According to the findings were published in the New England Journal of Medicine to coincide with their presentation at the annual meeting of the American Heart Association in Chicago, Type 2 diabetics who took Farxiga saw their odds of hospitalization for heart failure drop by 27 percent compared to those who took a placebo.
Farxiga is a type of drug called a SGLT2 inhibitor. The compound is called dapagliflozin.
The study included more than 17,000 type 2 diabetes patients aged 40 and older. Nearly 7,000 had heart disease and more than 10,000 had numerous risk factors for heart disease, Wiviott’s group said.
Patients were randomly assigned to take a dummy placebo pill or 10 milligrams of Farxiga each day.
“When it comes to helping our patients control and manage blood glucose, the ‘how’ appears to be as important [as] the ‘how much,” said study author Dr Stephen Wiviott, a cardiovascular medicine specialist at Brigham and Women’s Hospital in Boston.
“When choosing a therapy, trial results like these can help us make an informed decision about what treatments are not only safe and effective for lowering blood glucose but can also reduce risk of heart and kidney complications,” Wiviott said in a hospital news release.

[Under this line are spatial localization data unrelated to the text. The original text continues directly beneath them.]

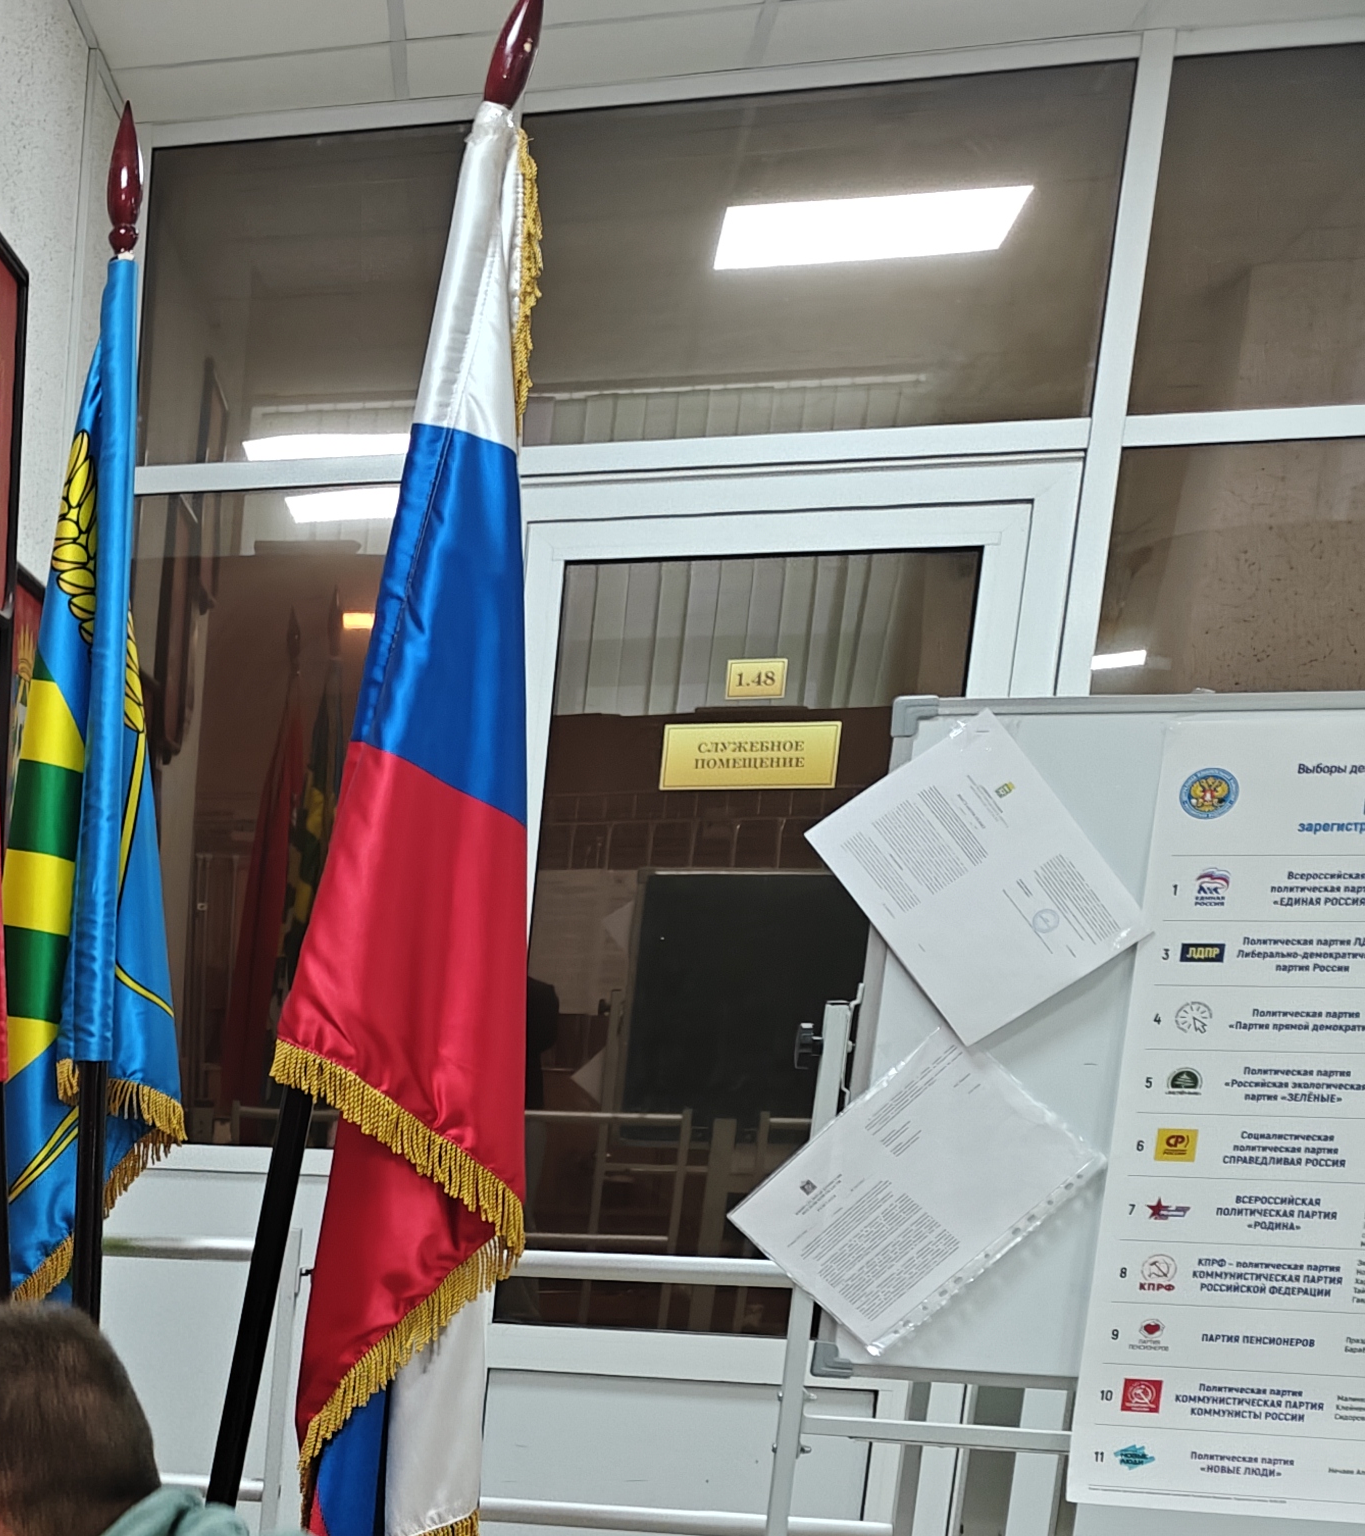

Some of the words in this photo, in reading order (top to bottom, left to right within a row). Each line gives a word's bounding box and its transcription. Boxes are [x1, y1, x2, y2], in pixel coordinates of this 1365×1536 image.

[735, 671, 776, 688] 1.48
[698, 740, 805, 754] СЛУЖЕБНОЕ
[694, 757, 805, 770] ПОМЕЩЕНИЕ
[1297, 762, 1347, 776] Выборы
[1172, 884, 1178, 896] 1
[1270, 885, 1341, 894] политическая
[1273, 897, 1321, 907] «ЕДИНАЯ
[1242, 936, 1313, 946] Политическая
[1316, 938, 1351, 948] партия
[1162, 949, 1171, 960] 3
[1186, 947, 1220, 959] ЛДПР
[1276, 964, 1310, 974] партия
[1312, 963, 1350, 973] России
[1153, 1013, 1162, 1025] 4
[1252, 1008, 1322, 1018] Политическая
[1325, 1010, 1360, 1020] партия
[1228, 1021, 1270, 1032] «Партия
[1272, 1021, 1309, 1033] прямой
[1243, 1066, 1314, 1077] Политическая
[1316, 1069, 1351, 1079] партия
[1145, 1077, 1153, 1089] 5
[1224, 1079, 1289, 1089] «Российская
[1244, 1093, 1278, 1103] партия
[1280, 1091, 1343, 1103] «ЗЕЛЁНЫЕ»
[1241, 1130, 1335, 1142] Социалистическая
[1136, 1140, 1145, 1152] 6
[1233, 1144, 1302, 1154] политическая
[1304, 1146, 1339, 1156] партия
[1222, 1156, 1302, 1167] СПРАВЕДЛИВАЯ
[1305, 1158, 1346, 1168] РОССИЯ
[1235, 1195, 1321, 1207] ВСЕРОССИЙСКАЯ
[1128, 1203, 1136, 1215] 7
[1216, 1207, 1295, 1218] ПОЛИТИЧЕСКАЯ
[1297, 1210, 1338, 1221] ПАРТИЯ
[1247, 1221, 1301, 1232] «РОДИНА»
[1197, 1258, 1226, 1268] КПРФ
[1236, 1261, 1304, 1272] политическая
[1306, 1263, 1341, 1273] партия
[1119, 1267, 1127, 1278] 8
[1192, 1270, 1301, 1283] КОММУНИСТИЧЕСКАЯ
[1303, 1275, 1343, 1286] ПАРТИЯ
[1139, 1282, 1175, 1292] КПРФ
[1200, 1283, 1266, 1295] РОССИЙСКОЙ
[1269, 1287, 1332, 1298] ФЕДЕРАЦИИ
[1111, 1329, 1119, 1340] 9
[1201, 1333, 1240, 1344] ПАРТИЯ
[1242, 1336, 1315, 1348] ПЕНСИОНЕРОВ
[1100, 1390, 1113, 1401] 10
[1199, 1383, 1267, 1395] Политическая
[1269, 1386, 1303, 1398] партия
[1175, 1394, 1282, 1408] КОММУНИСТИЧЕСКАЯ
[1284, 1400, 1324, 1411] ПАРТИЯ
[1190, 1407, 1263, 1420] КОММУНИСТЫ
[1265, 1411, 1305, 1422] РОССИИ
[1094, 1451, 1104, 1462] 11
[1190, 1451, 1259, 1464] Политическая
[1261, 1456, 1294, 1467] партия
[1200, 1464, 1241, 1475] «НОВЫЕ
[1243, 1466, 1282, 1478] ЛЮДИ»
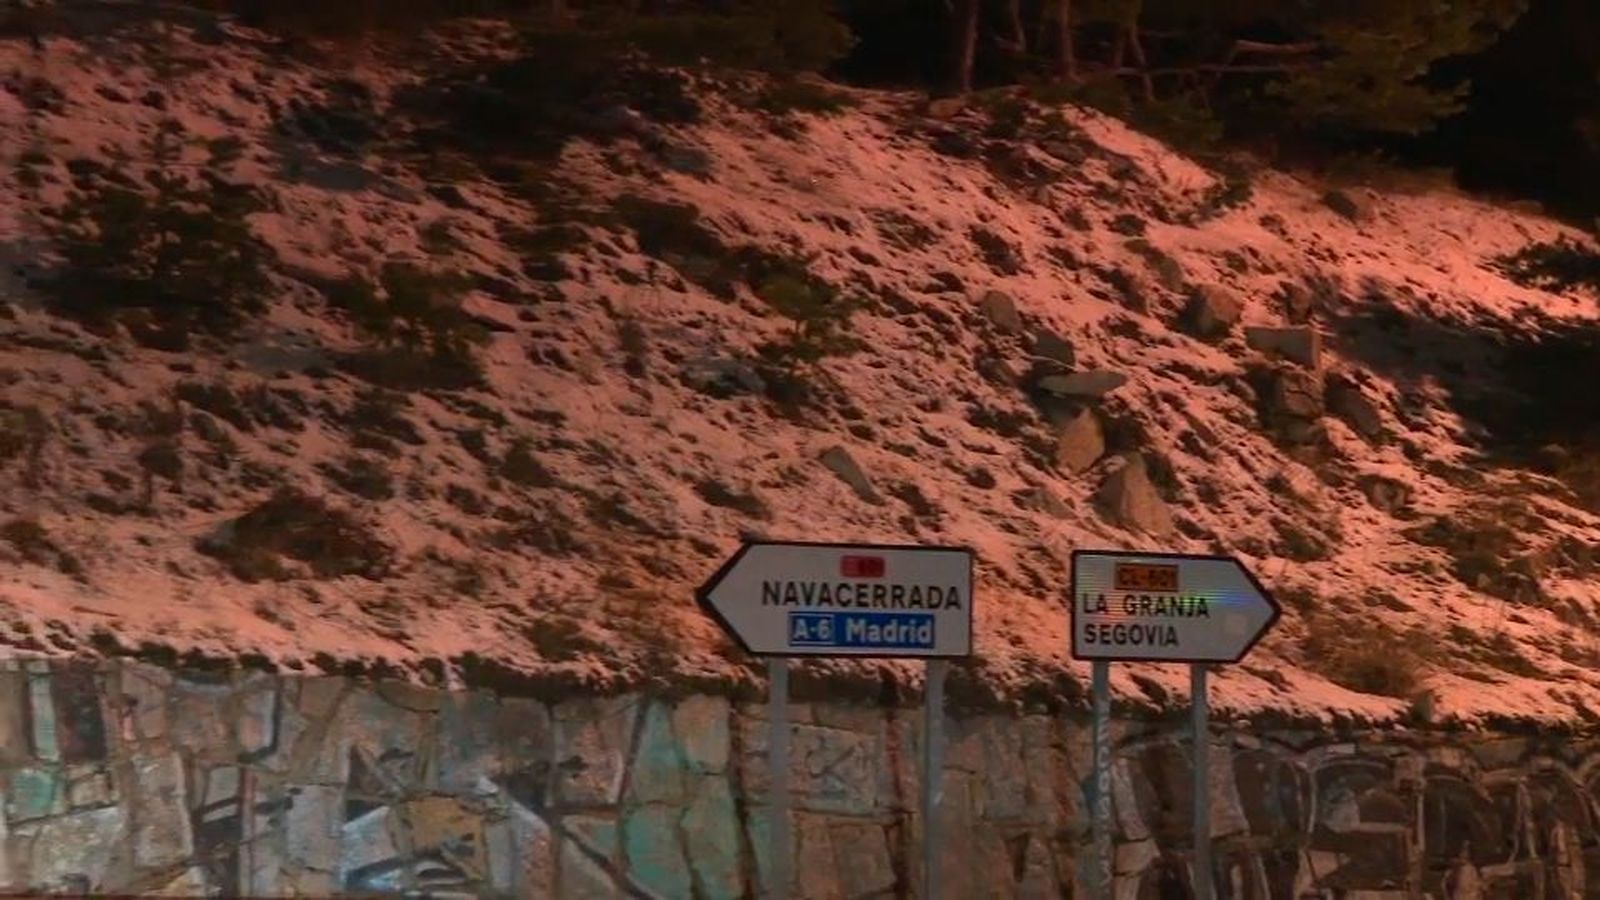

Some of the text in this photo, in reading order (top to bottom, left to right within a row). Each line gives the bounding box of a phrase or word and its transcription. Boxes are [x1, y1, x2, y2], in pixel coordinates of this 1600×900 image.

[762, 581, 962, 610] NAVACERRADA
[1083, 593, 1210, 619] LA GRANJA
[793, 617, 932, 644] A-6 Madrid
[1084, 623, 1180, 647] SEGOVIA

Taking the drug did not reduce the risk of heart attack, stroke and cardiovascular-related death, the research team noted. However, patients who took the drug did see healthy declines in their blood sugar levels, plus an added bonus: a 27 percent decrease in their risk of hospitalization for heart failure.
Their risk of kidney failure and death from kidney failure also fell, researchers noted.
Two other recent studies of this class of drugs show that they “robustly and consistently improve heart and kidney outcomes in a broad population of patients with diabetes,” Wiviott noted.